We know that criminals, by and large, are idiots. But some are not complete idiots--meaning that they can apply a rat-tail file to the chamber and/or barrel of a gun to change the "fingerprint" at will--several times in one day, if they want to. (They can also purchase replacement barrels/receivers from any one of several dozen vendors.)
And, of course, that law will add a cost, whether to the manufacturer or dealer, which will be passed on to the buyers--not to mention the cost to the State for warehousing all those records.
A lot of silliness because it's easily and totally defeat-able with a lousy $6.00 file.
This next one may make sense (again bearing in mind that details count:)
Governor Doyle is proposing legislation that would prohibit the possession and purchase of a firearm for an individual who has been convicted of a misdemeanor that involved a firearm. Additionally, Governor Doyle is proposing to prohibit sales of handguns to individuals under the age of 21, to help keep guns out of the hands of the state’s young people.
Can't purchase a pistol, but you CAN use one to kill the enemy in a war...Can't purchase a pistol but you CAN vote...Hmmmmm. UPDATE: Currently, no one under 21 years of age may legally purchase a HANDGUN in Wisconsin. Doyle will prohibit sale of ALL GUNS to people under 21, including .22LR rifles, shotguns, etc. So forget about recreational or target-shooting (or varmint control) until you're over 21.
That provision is pure crap. There are far too many good target-shooter contestants (Olympics, anyone?) who begin their avocation's training regime at the age of 12 or so; and far too many rural youth who shoot trap, or control critters. This should not fly, and I doubt that it will.
As to the 'gun-involved' misdemeanors: who was in possession of the gun during the act? Seems to me that if there are differing indictments leveled against various parties who were part of a 'gang,' then this will be a nightmare for enforcement.
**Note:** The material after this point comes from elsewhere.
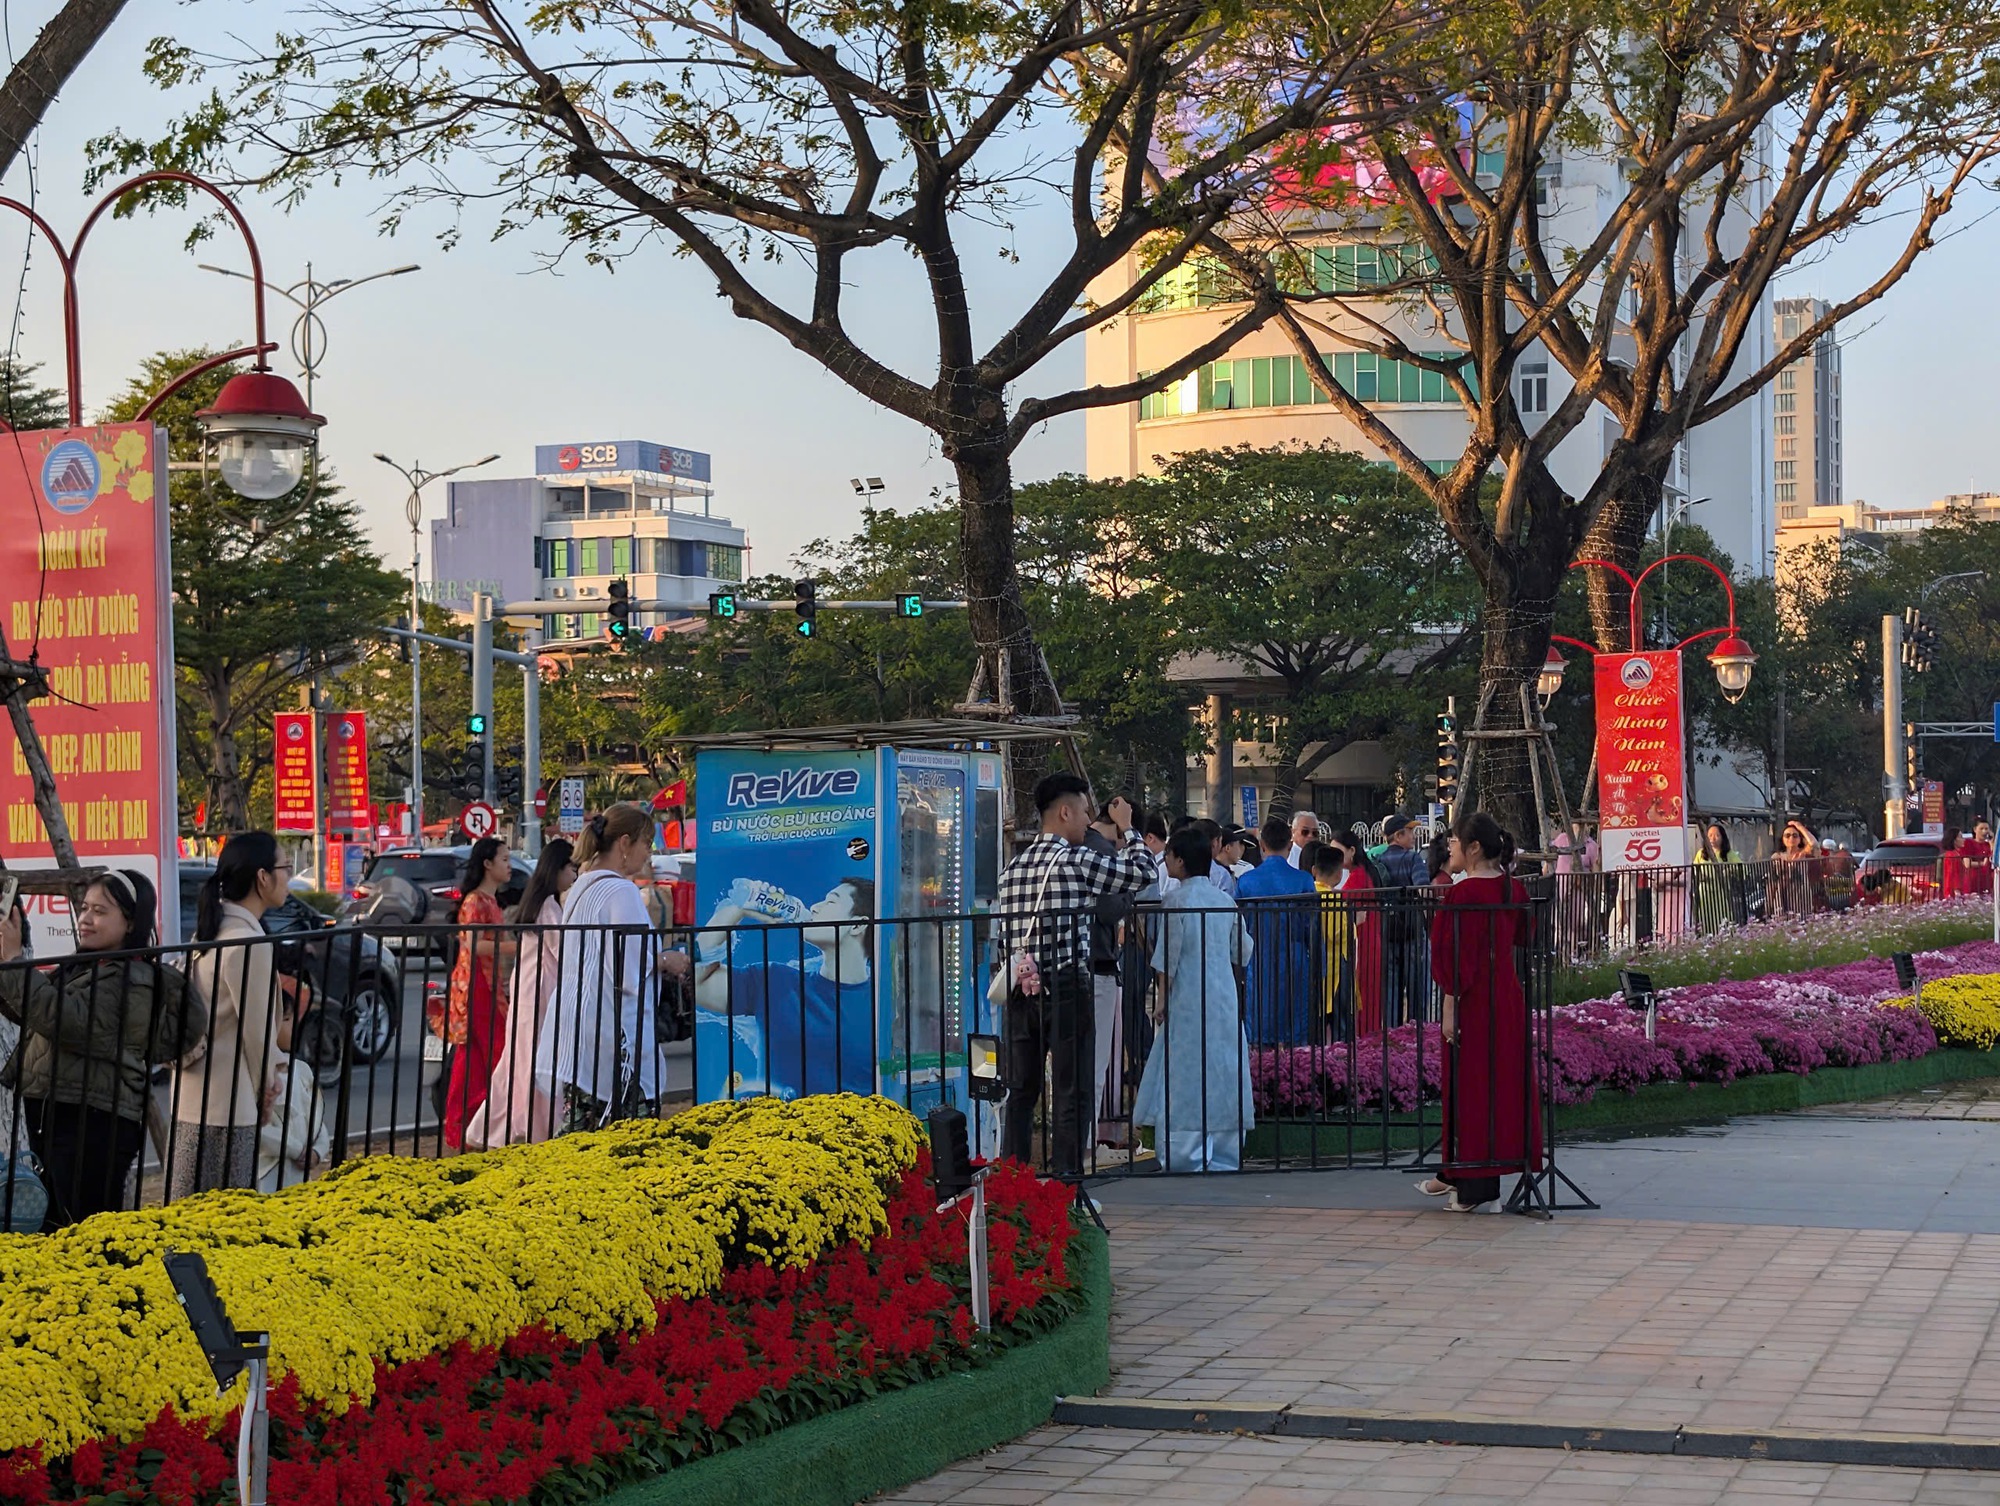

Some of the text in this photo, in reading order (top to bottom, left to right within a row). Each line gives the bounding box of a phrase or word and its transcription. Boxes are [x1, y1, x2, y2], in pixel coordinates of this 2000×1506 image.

DarthDoyle's "fingerprint" scheme was used by the State of Maryland.
It was so effective that the Maryland State Police requested that the State abandon the program after only 5 years.
An Associated Press story from 2005 reported, "...a state police report says such 'fingerprinting' has not helped a single criminal investigation. The superintendent of Maryland State Police says, 'The system really is not doing anything."
But hey! Darth's going to raise taxes, so wasting several million dollars won't be a big deal.